Mercury exists in various forms: elemental (or metallic) and inorganic (to which people may be exposed through their occupation); and organic (e.g., methylmercury, to which people may be exposed through their diet). These forms of mercury differ in their degree of toxicity and in their effects on the nervous, digestive, and immune systems, and on lungs, kidneys, skin and eyes.
Mercury occurs naturally in the earth's crust. It is released into the environment from volcanic activity, weathering of rocks and as a result of human activity. Human activity is the main cause of mercury releases, particularly coal-fired power stations, residential coal burning for heating and cooking, industrial processes, waste incinerators and as a result of mining for mercury, gold and other metals.

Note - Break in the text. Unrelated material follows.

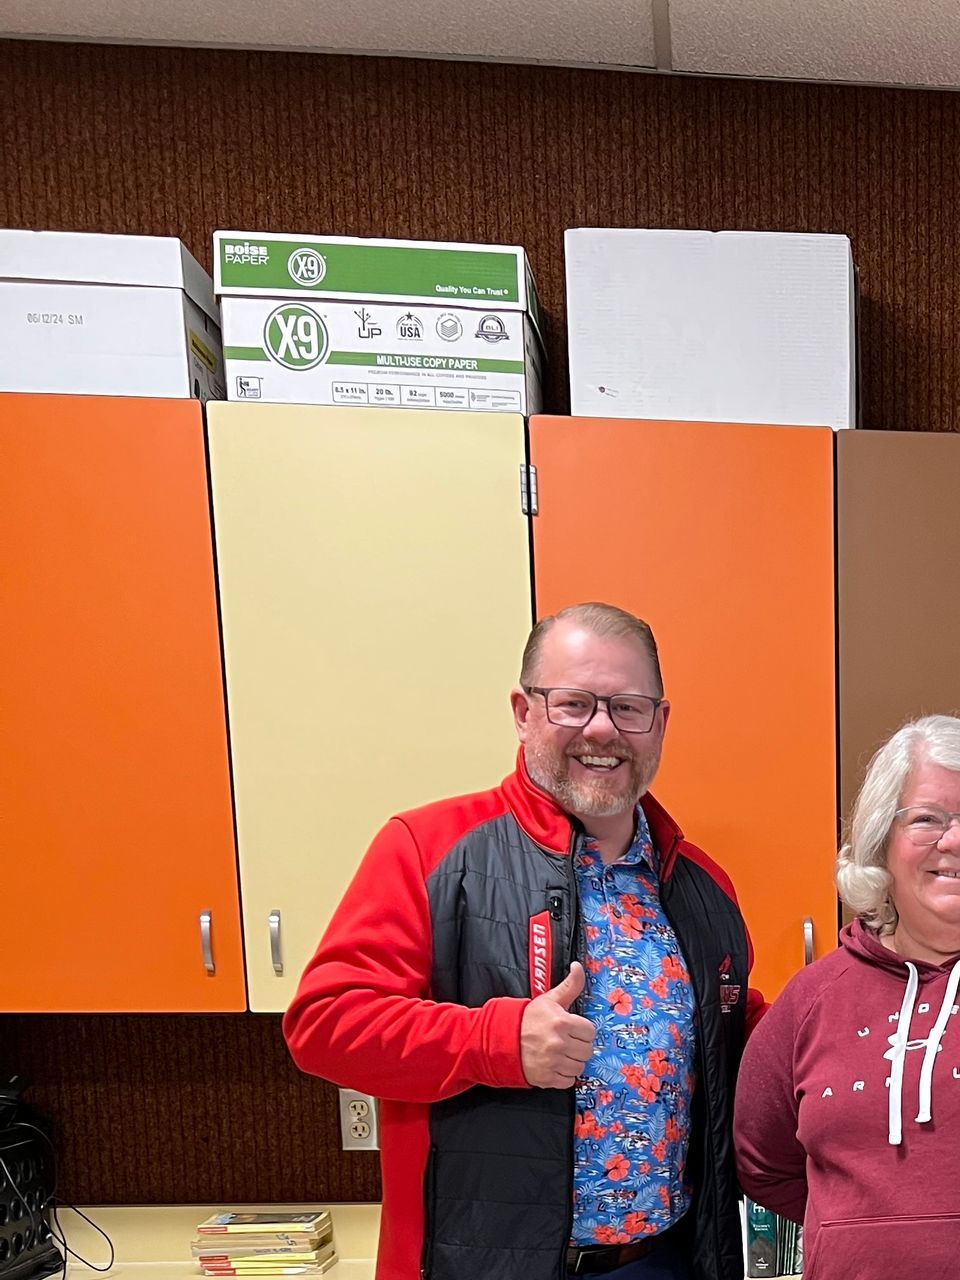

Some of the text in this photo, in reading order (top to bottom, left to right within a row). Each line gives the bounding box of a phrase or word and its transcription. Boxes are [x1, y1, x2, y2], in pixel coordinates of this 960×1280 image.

Once in the environment, mercury can be transformed by bacteria into methylmercury. Methylmercury then bioaccumulates (bioaccumulation occurs when an organism contains higher concentrations of the substance than do the surroundings) in fish and shellfish. Methylmercury also biomagnifies. For example, large predatory fish are more likely to have high levels of mercury as a result of eating many smaller fish that have acquired mercury through ingestion of plankton.
People may be exposed to mercury in any of its forms under different circumstances. However, exposure mainly occurs through consumption of fish and shellfish contaminated with methylmercury and through worker inhalation of elemental mercury vapours during industrial processes. Cooking does not eliminate mercury.